→ Data for this exercise

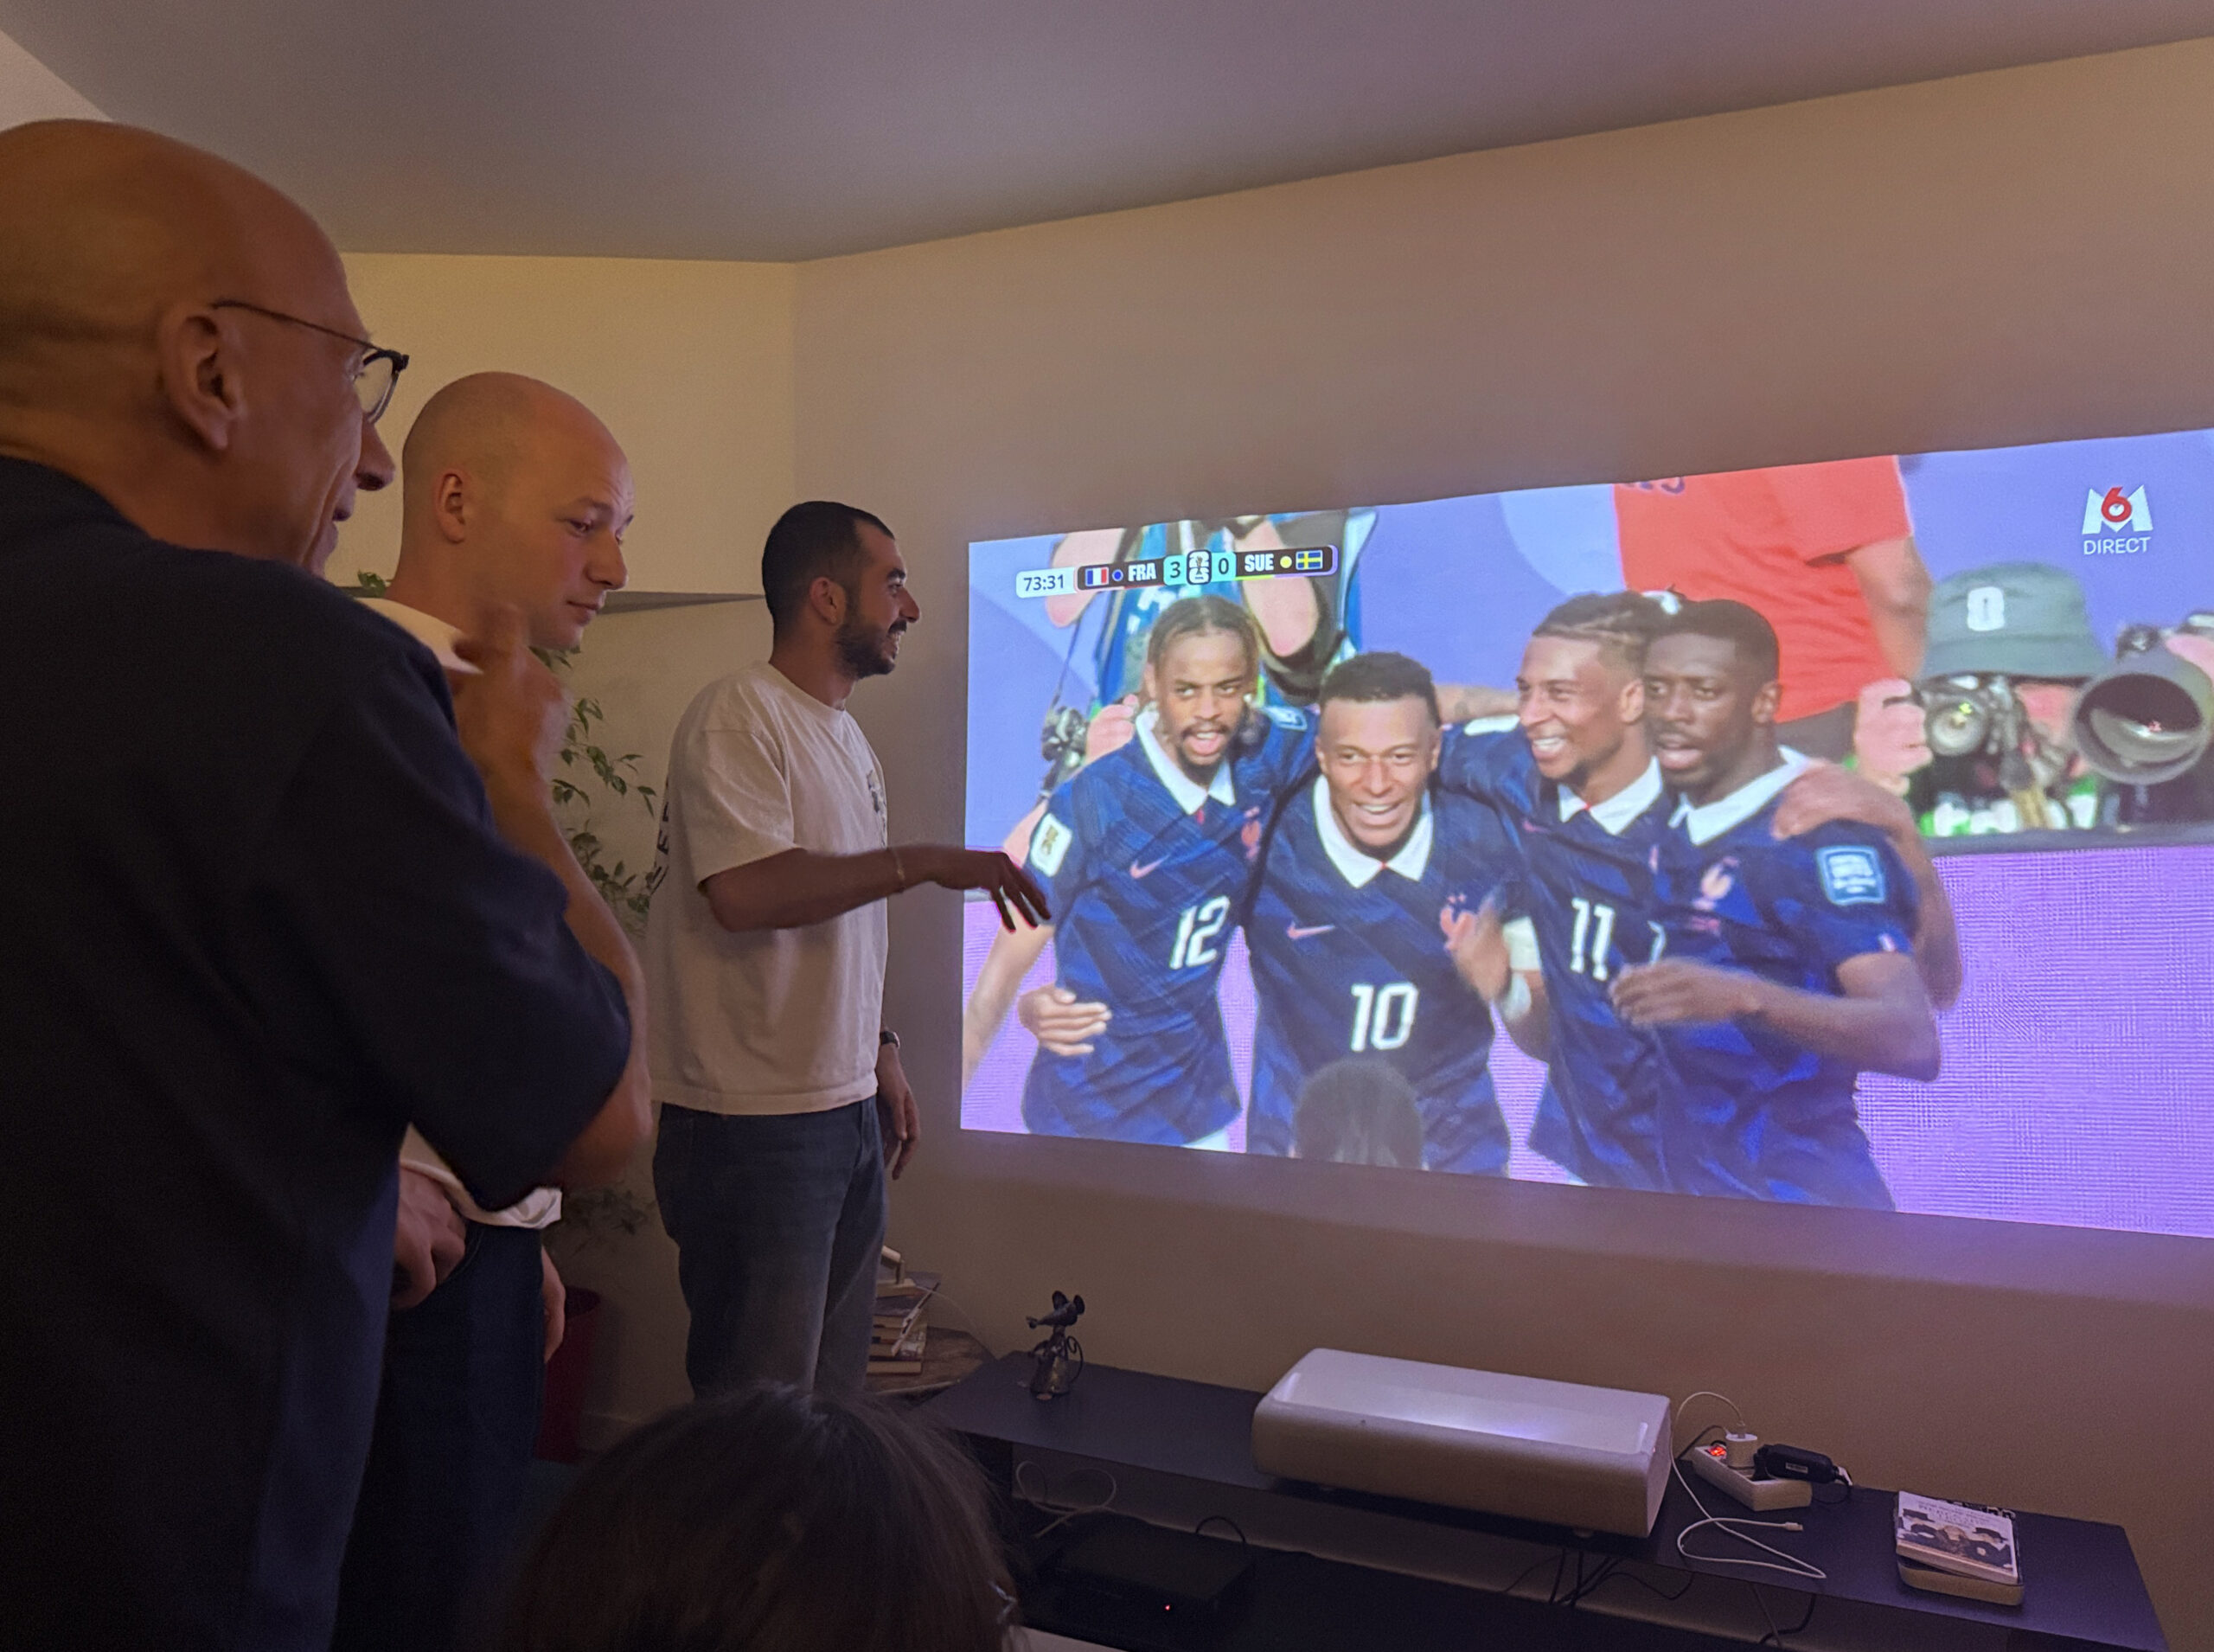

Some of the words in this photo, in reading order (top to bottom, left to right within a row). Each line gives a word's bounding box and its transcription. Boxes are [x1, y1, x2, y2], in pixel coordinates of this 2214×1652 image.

[2082, 484, 2153, 535] M6
[1023, 574, 1065, 592] 73:31
[1128, 563, 1157, 582] FRA
[1169, 560, 1181, 579] 3
[1218, 557, 1230, 575] 0
[1244, 553, 1275, 573] SUE
[2083, 536, 2152, 555] DIRECT
[1169, 895, 1230, 970] 12
[1571, 897, 1616, 981] 11
[1351, 983, 1419, 1052] 10
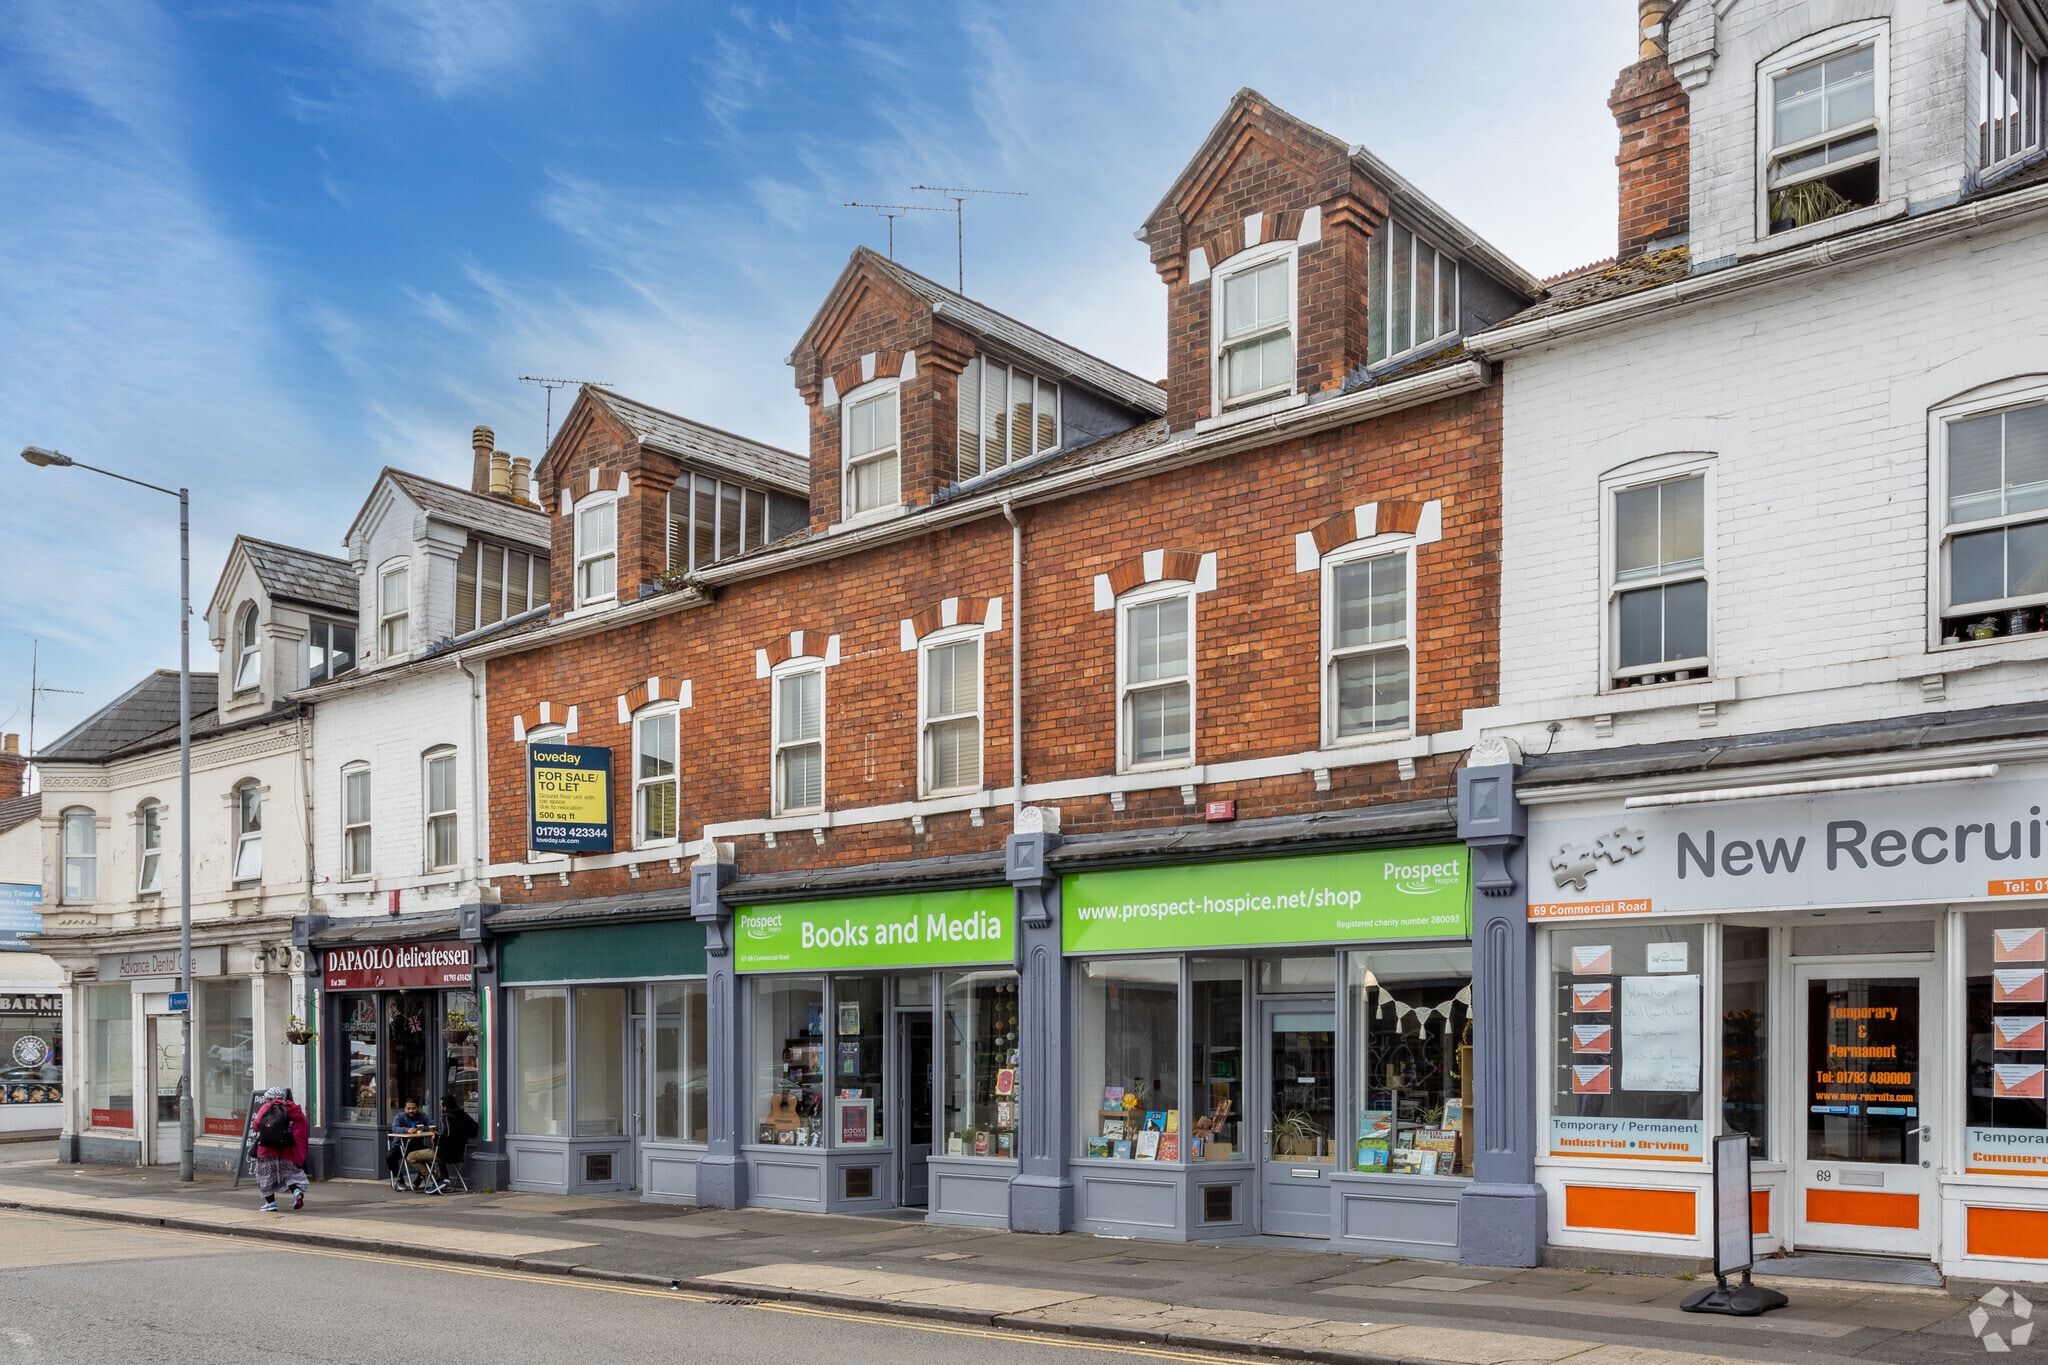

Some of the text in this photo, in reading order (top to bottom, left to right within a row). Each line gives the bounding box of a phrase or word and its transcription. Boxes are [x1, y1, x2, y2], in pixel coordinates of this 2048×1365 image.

→ Exercise directions
Without including any picture, reproduce all of the material exactly.

→ Exercise answer
Some of the words in this photo, in reading order (top to bottom, left to right within a row). Each line gives a word's bounding box and its transcription. Boxes are [x1, y1, x2, y2], in pixel coordinates of this 2214×1652 image.

[2082, 484, 2153, 535] M6
[1023, 574, 1065, 592] 73:31
[1128, 563, 1157, 582] FRA
[1169, 560, 1181, 579] 3
[1218, 557, 1230, 575] 0
[1244, 553, 1275, 573] SUE
[2083, 536, 2152, 555] DIRECT
[1169, 895, 1230, 970] 12
[1571, 897, 1616, 981] 11
[1351, 983, 1419, 1052] 10

Some of the text in this photo, in reading order (top to bottom, left to right within a row). Each line gives the bounding box of a phrase or word and its transcription. Boxes are [x1, y1, x2, y2], in pixel coordinates of this 2048×1365 image.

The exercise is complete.